### [Assigned task]
Verbatim copy without images: repeat the records in full.

### [Working data]
+++
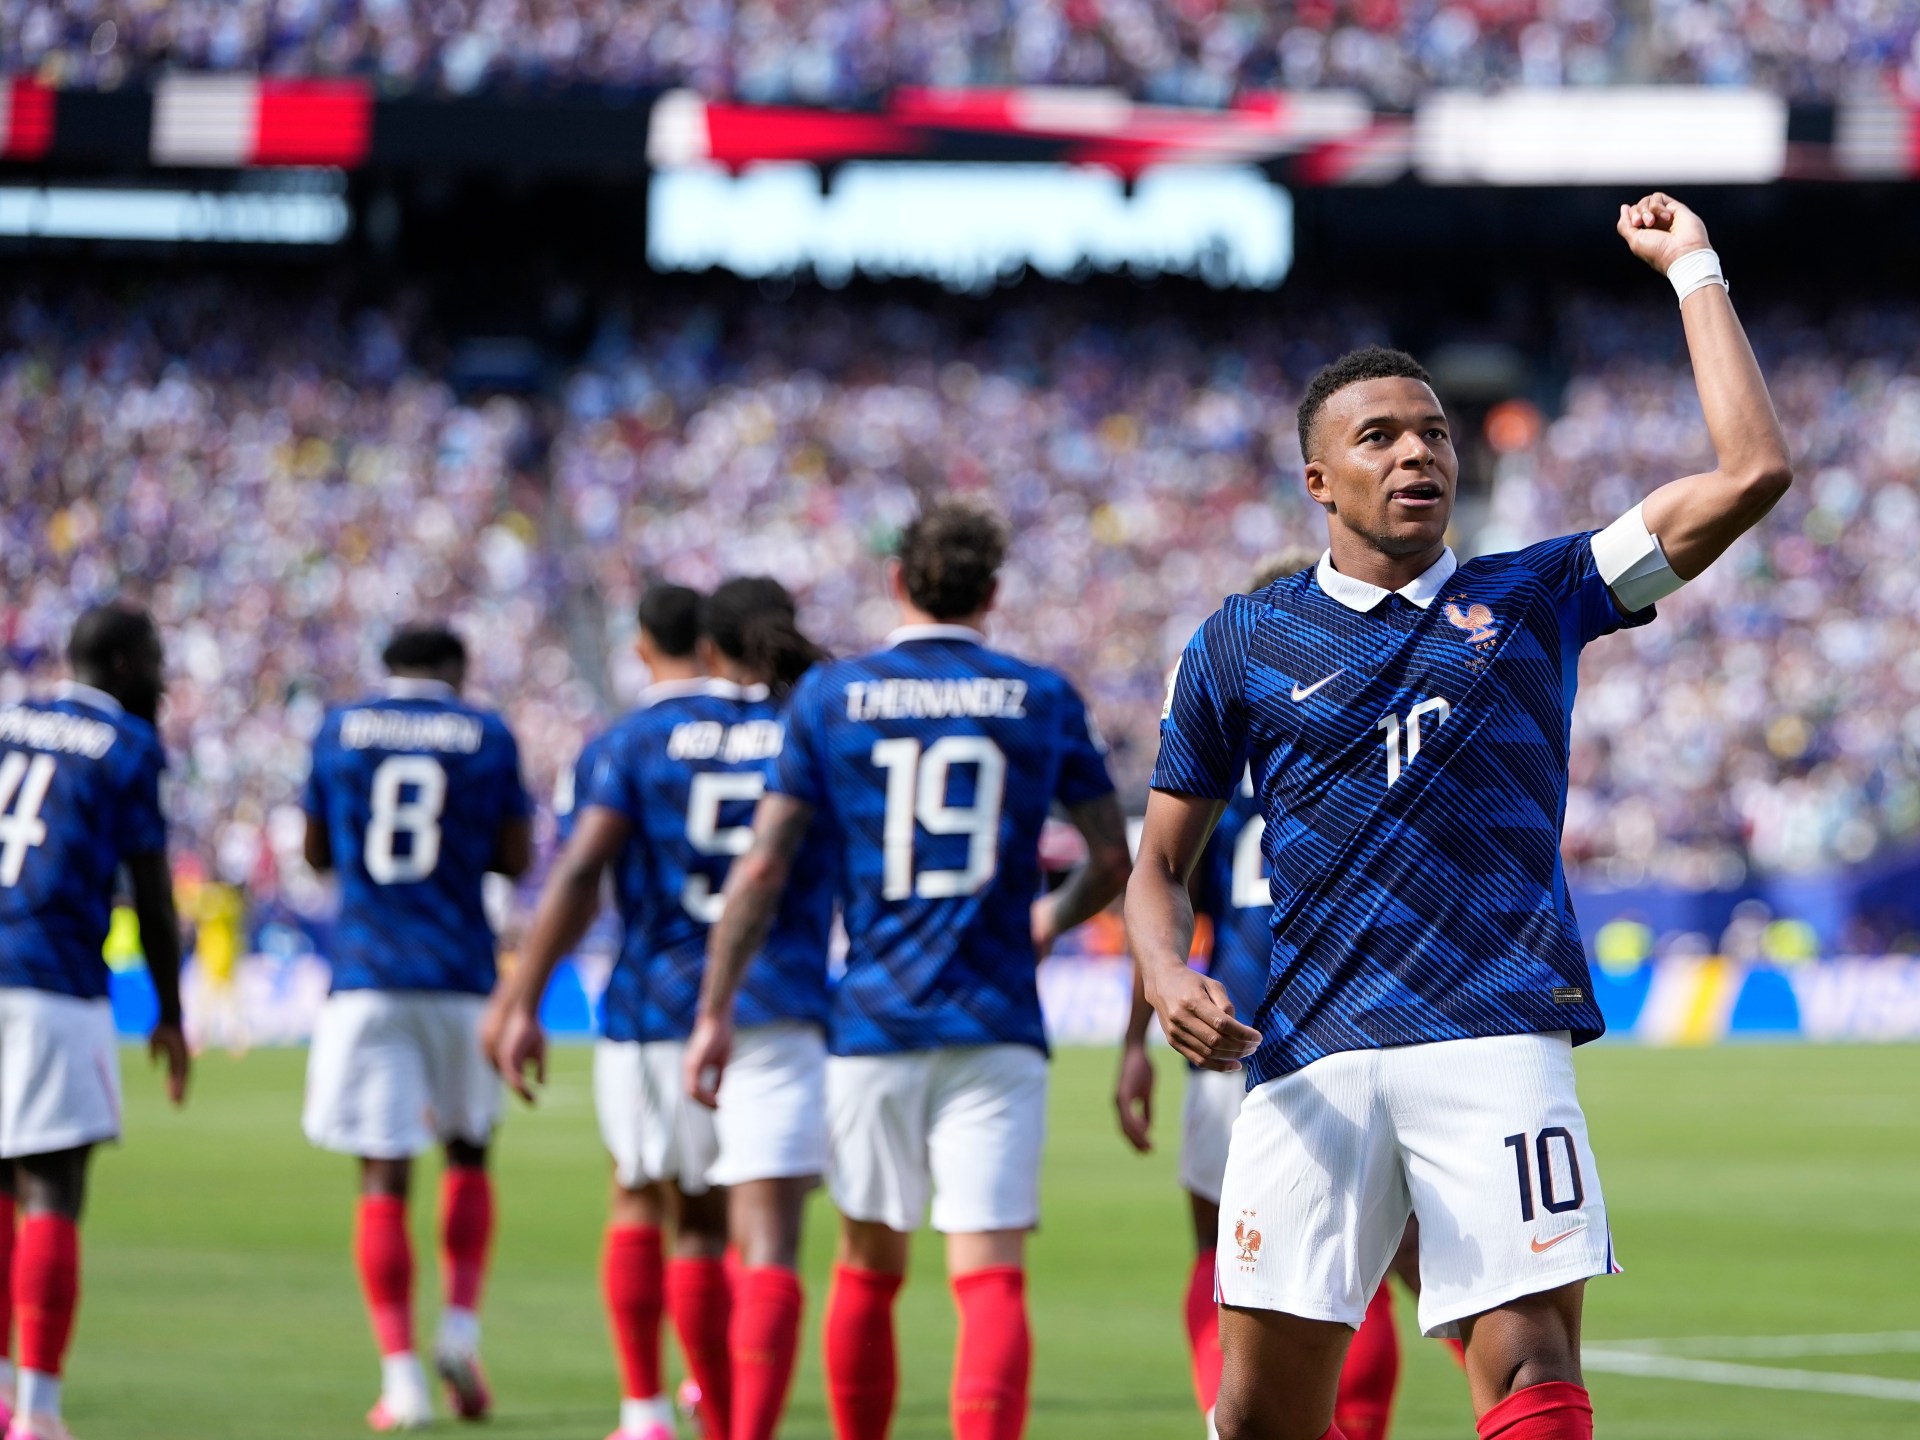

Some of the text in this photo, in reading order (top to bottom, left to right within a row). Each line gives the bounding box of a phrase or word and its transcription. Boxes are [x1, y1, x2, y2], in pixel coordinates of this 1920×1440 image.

[364, 755, 446, 885] 8
[682, 772, 767, 923] 5
[871, 735, 1006, 901] 19
[1504, 1126, 1584, 1222] 10
+++
### [Solution to the exercise]
Some of the text in this photo, in reading order (top to bottom, left to right within a row). Each line gives the bounding box of a phrase or word and its transcription. Boxes are [x1, y1, x2, y2], in pixel coordinates of this 1920×1440 image.

[364, 755, 446, 885] 8
[682, 772, 767, 923] 5
[871, 735, 1006, 901] 19
[1504, 1126, 1584, 1222] 10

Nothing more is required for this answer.